Examining the skeletal remains and judging from the size of the bones and the skull this appeared to be a yearling doe (born in spring 2022). Likely cause of death was predation by coyote.
 
Do I know that for sure?   Nope. Nevertheless, the photographic evidence is beyond circumstantial. 
 
What I do not know is if the deceased was crippled by a collision with a vehicle, weakened by winter and lack of browse (unlikely in farmland country) or otherwise compromised only to succumb to the whim of Ma Nature.
 
Nature can be a cruel mother. Yet that's how things work.
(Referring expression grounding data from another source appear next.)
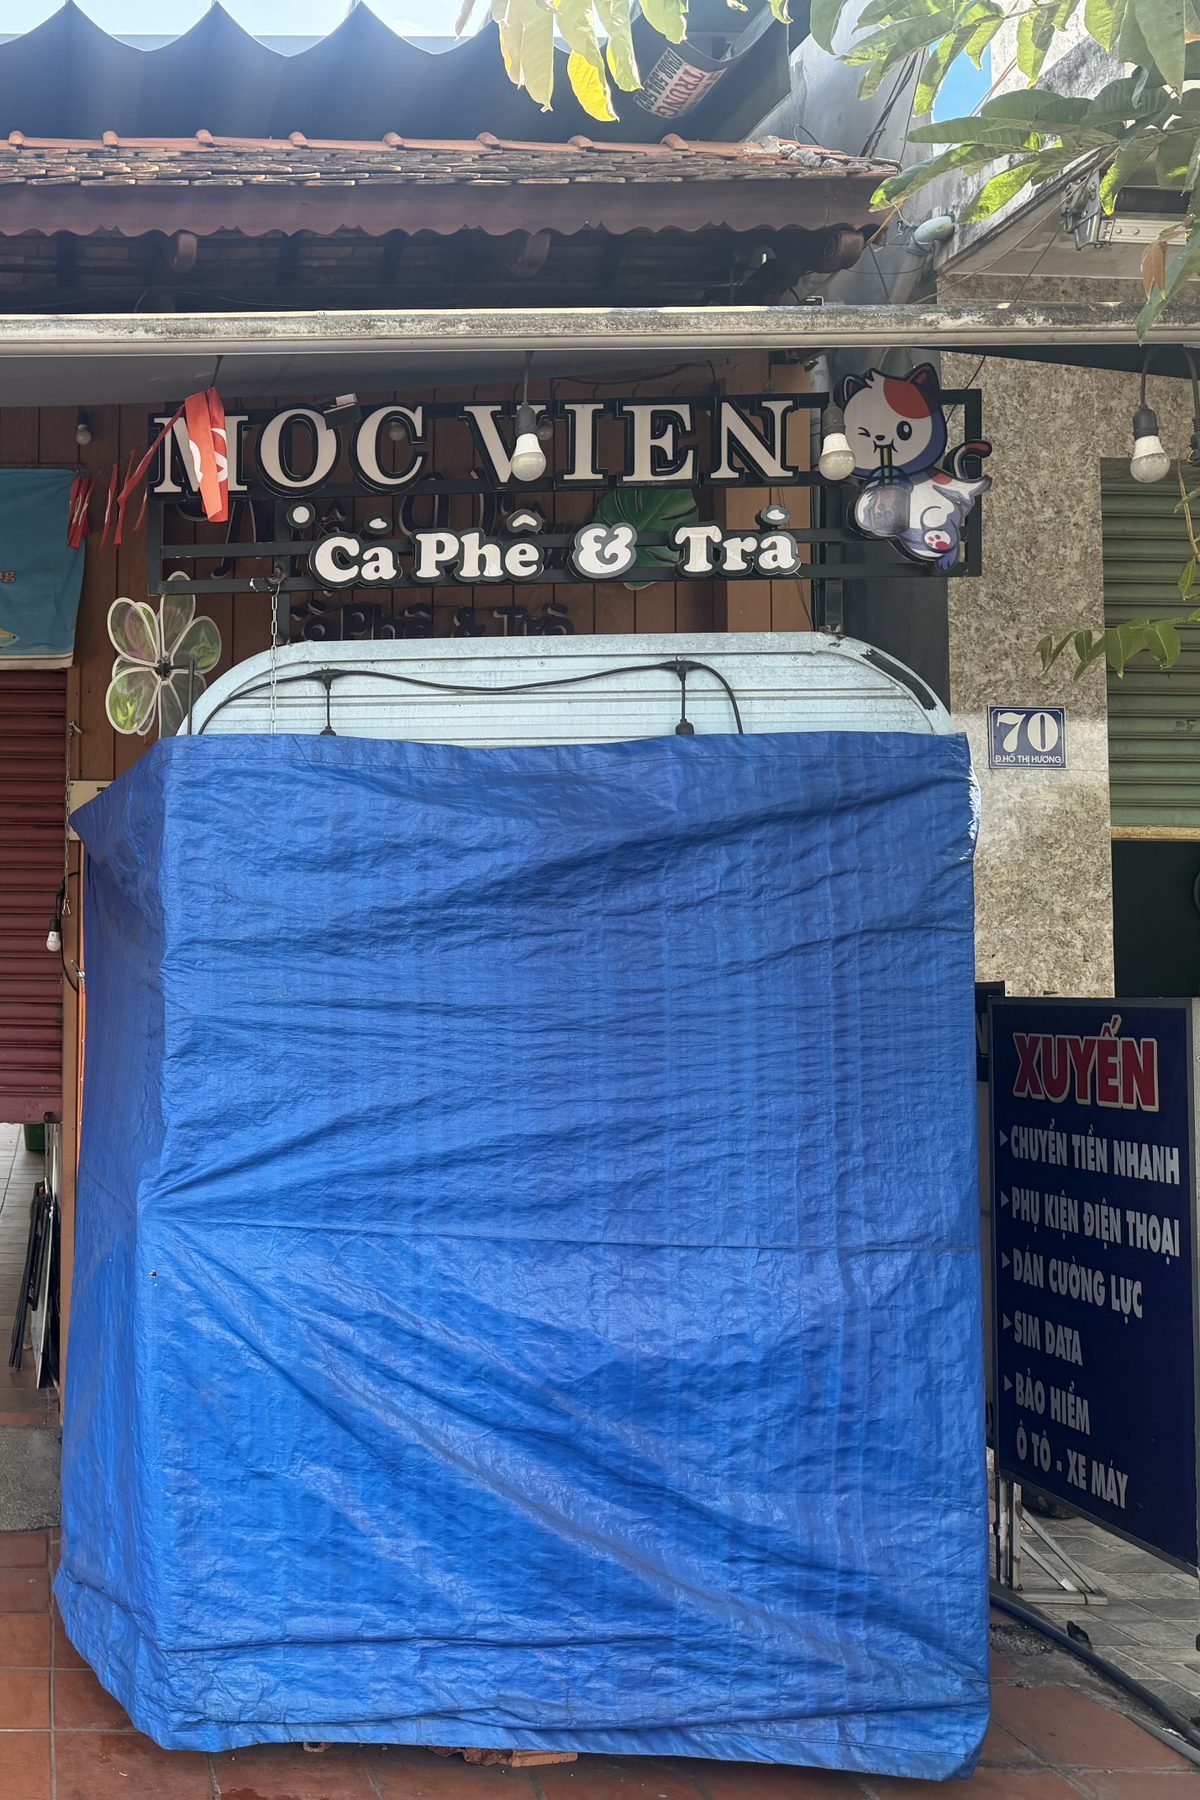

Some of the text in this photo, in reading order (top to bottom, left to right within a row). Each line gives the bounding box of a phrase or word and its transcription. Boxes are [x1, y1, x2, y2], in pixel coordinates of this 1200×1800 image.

[655, 69, 706, 118] TRUNG
[416, 514, 540, 578] Phê
[579, 526, 633, 574] &
[996, 712, 1059, 753] 70
[1013, 1015, 1159, 1112] XUYẾN
[1011, 1118, 1180, 1185] CHUYỂN TIỀN NHANH
[1012, 1186, 1180, 1265] PHỤ KIỆN ĐIỆN THOẠI
[1013, 1244, 1143, 1324] DÁN CƯỜNG LỰC
[1014, 1310, 1083, 1366] SIM DATA
[1015, 1368, 1090, 1435] BẢO HIỂM
[1016, 1419, 1028, 1461] Ô
[1031, 1430, 1051, 1472] TÔ
[1066, 1448, 1087, 1490] XE
[1091, 1459, 1128, 1509] MÁY
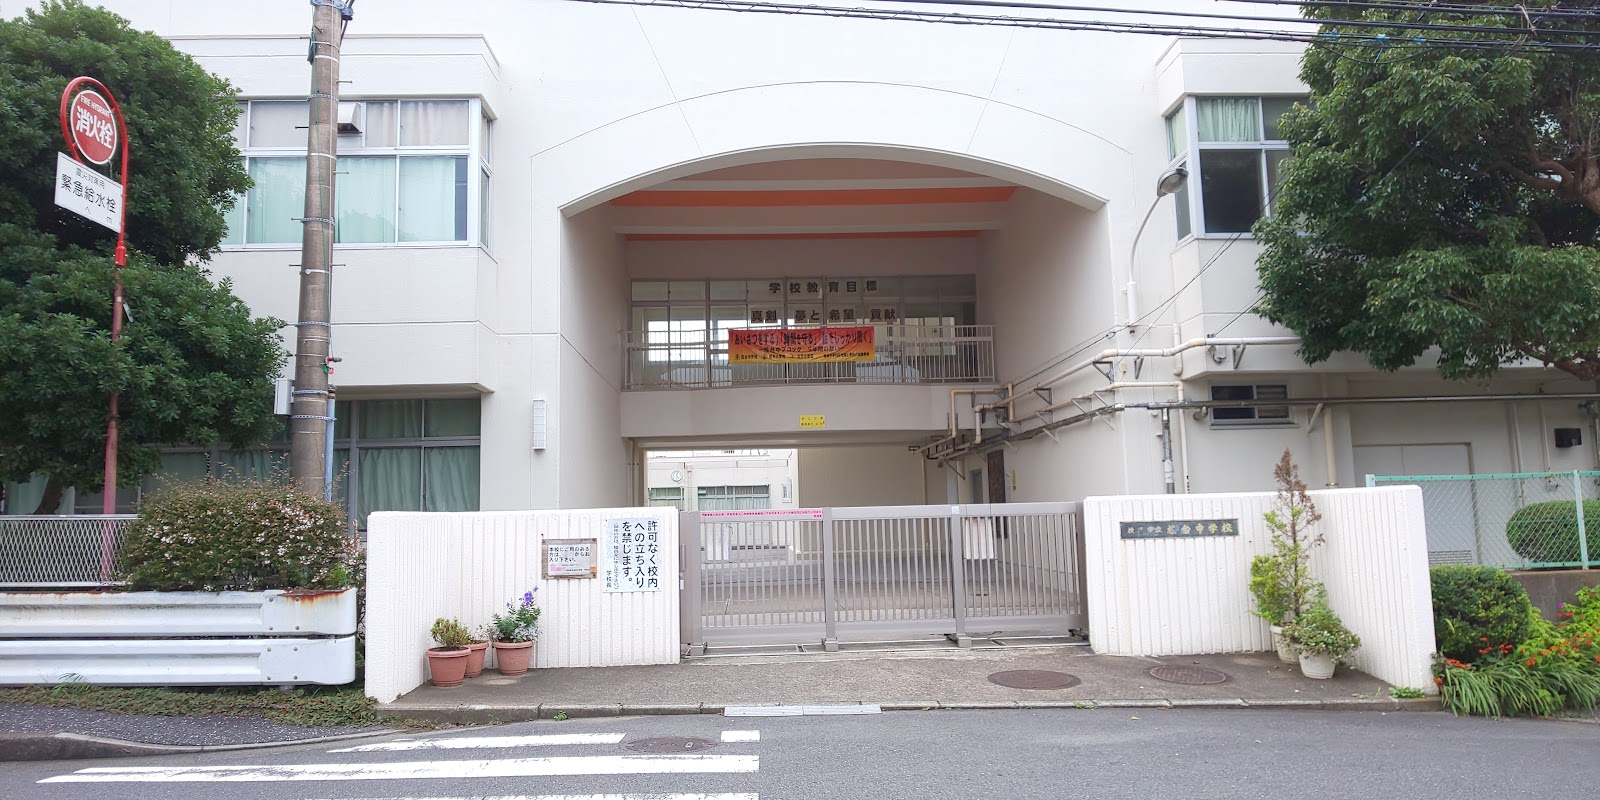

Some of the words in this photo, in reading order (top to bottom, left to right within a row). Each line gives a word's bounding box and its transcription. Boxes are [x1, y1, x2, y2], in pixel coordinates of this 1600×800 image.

Everything on the landscape is someone else's dinner.
 
These images document what unfolded.
 
Everyone eats whitetails....
 
Of hundreds of digital images here are a select number that capture what unfolded.
 
The event unfolded like this with a pair of coyotes lounging-about in the snow.  Then, over the course of about 20 minutes, they alternately feed-upon and drag a deer carcass into view.  What are the odds of this happening spontaneously?
 







For following morning the first to arrive on the scene are the crows, followed by additional avian predators.
 
 
Bald eagles - both adult and juvenile 
 


And, of course the coyotes returned



There were nocturnal visitations
 

More daylight visitors
 
Crows in a standoff with a juvenile bald eagle



And nocturnal


This alternated on and off...
 
 
 
Including a visitor from the arctic circle who winters here - The rough-legged hawk 
 
 
Curious deer and turkeys paid a call



And on the fifth day the batteries died
 

Almost 20 years of trail camera monitoring and I've never had something like this unfold.  I'm not one to anthropomorphize things but it's almost like these coyotes were doing me a solid favor.